▶ Assigned task:
Exactly as written, please set down all of the entries again, with no pictures.

-- Opening Marker --

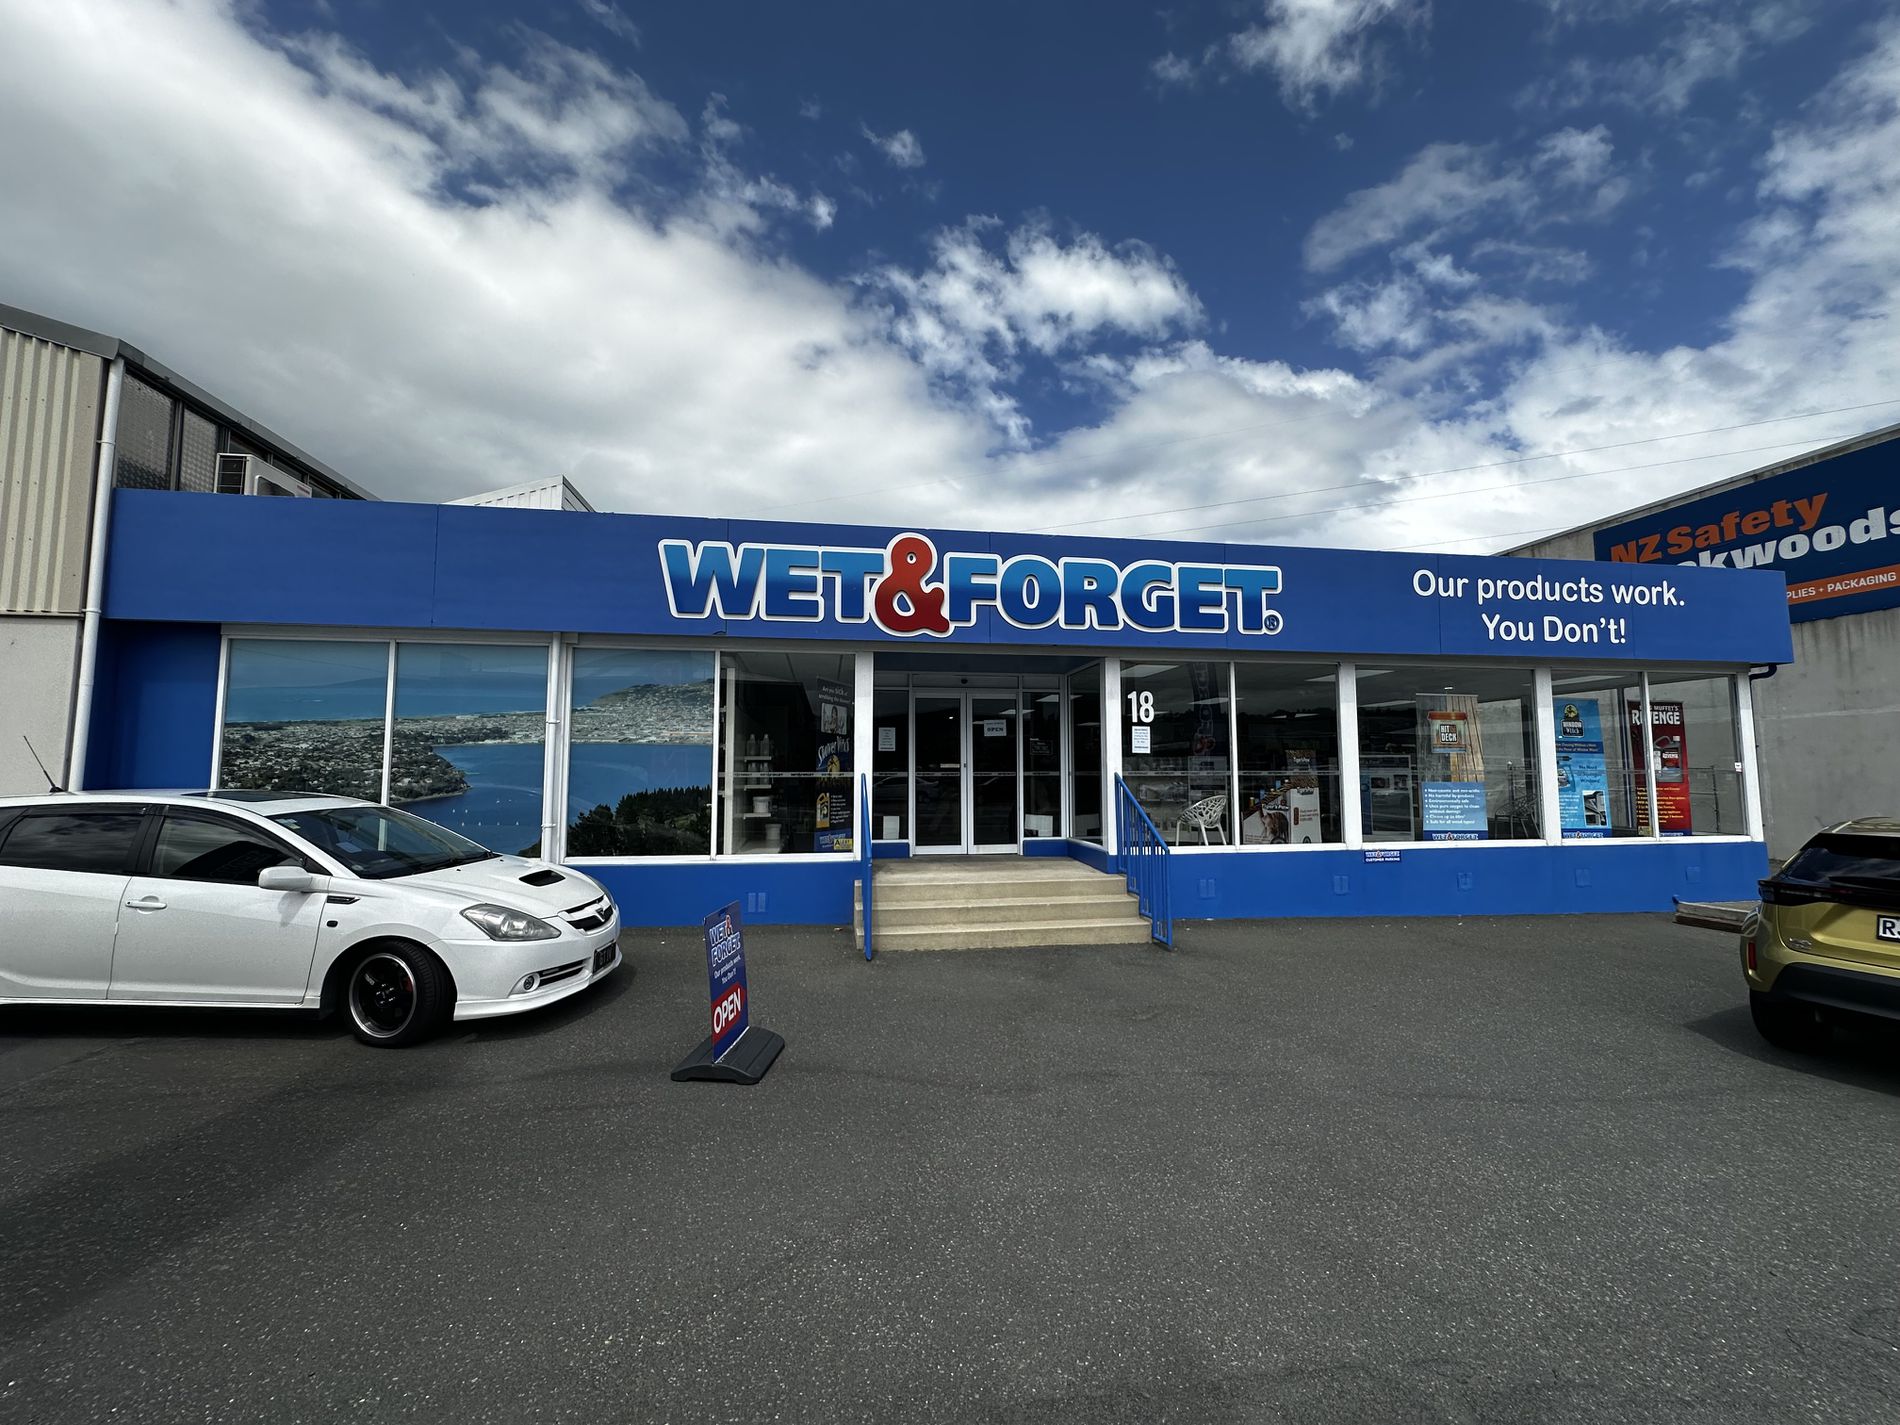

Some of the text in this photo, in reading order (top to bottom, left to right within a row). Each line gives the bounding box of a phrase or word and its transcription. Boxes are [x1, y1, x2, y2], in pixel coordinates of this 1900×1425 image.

[1610, 492, 1829, 563] NZ Safety
[1413, 570, 1685, 606] Our products work.
[1827, 572, 1897, 592] PACKAGING
[1481, 613, 1626, 644] You Don't!
[1127, 690, 1155, 723] 18
[1441, 733, 1457, 742] DECK
[713, 987, 741, 1034] OPEN
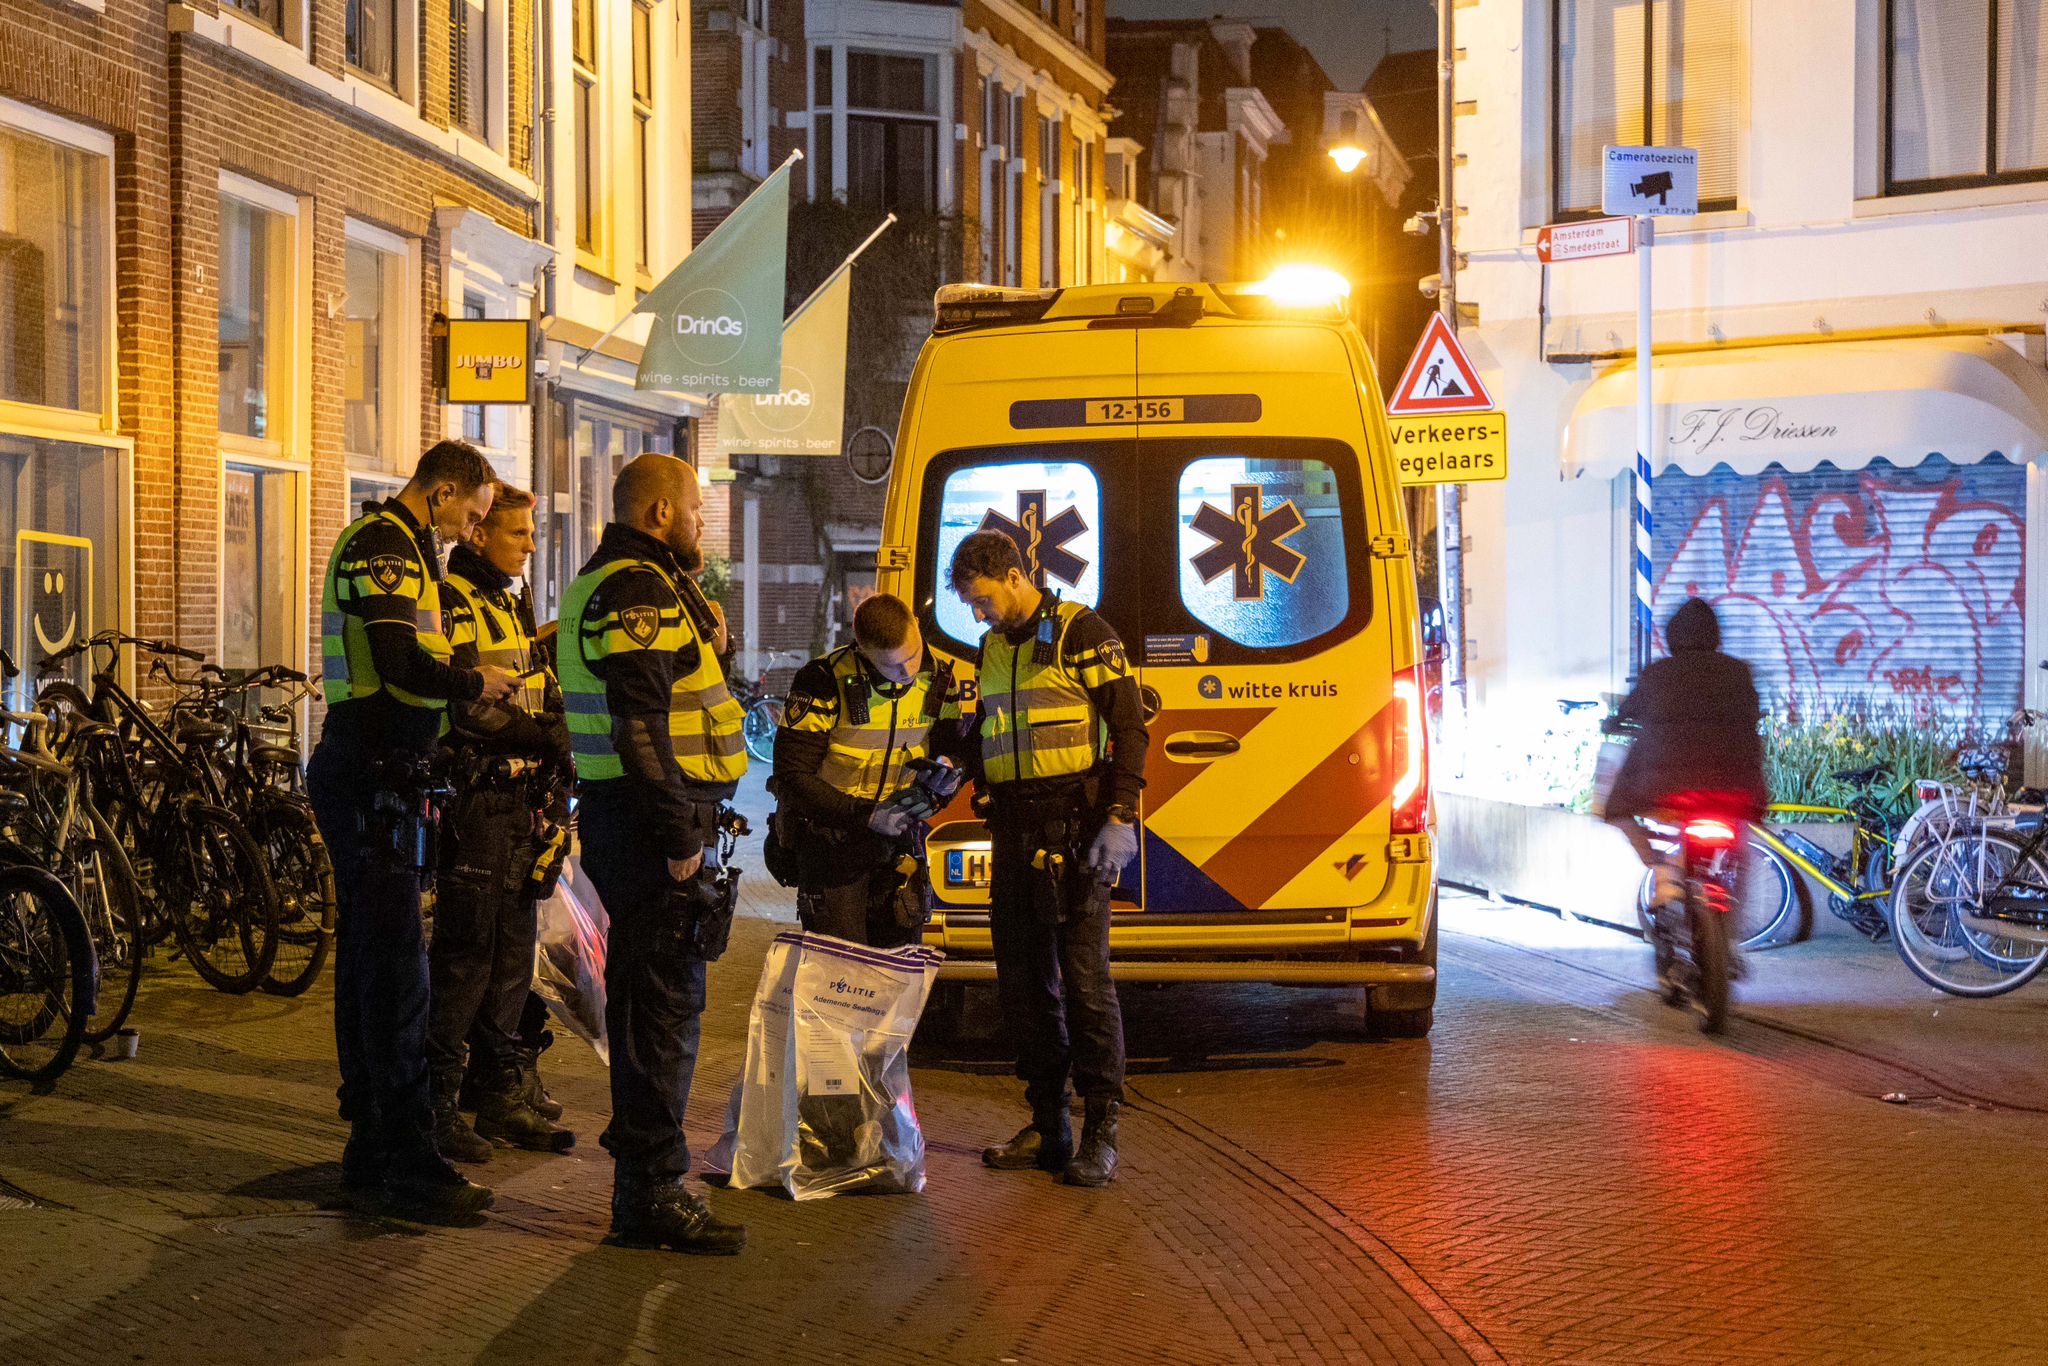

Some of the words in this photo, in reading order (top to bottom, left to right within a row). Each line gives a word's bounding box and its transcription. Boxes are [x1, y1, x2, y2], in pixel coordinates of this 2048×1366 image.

-- Closing Marker --

▶ Exercise answer:
Some of the text in this photo, in reading order (top to bottom, left to right within a row). Each line gives the bounding box of a phrase or word and its transcription. Boxes are [x1, y1, x2, y2], in pixel coordinates of this 1900×1425 image.

[1610, 492, 1829, 563] NZ Safety
[1413, 570, 1685, 606] Our products work.
[1827, 572, 1897, 592] PACKAGING
[1481, 613, 1626, 644] You Don't!
[1127, 690, 1155, 723] 18
[1441, 733, 1457, 742] DECK
[713, 987, 741, 1034] OPEN

Some of the words in this photo, in reading order (top to bottom, left to right within a row). Each line gives a word's bounding box and its transcription. Boxes are [x1, y1, x2, y2], in pixel coordinates of this 2048×1366 image.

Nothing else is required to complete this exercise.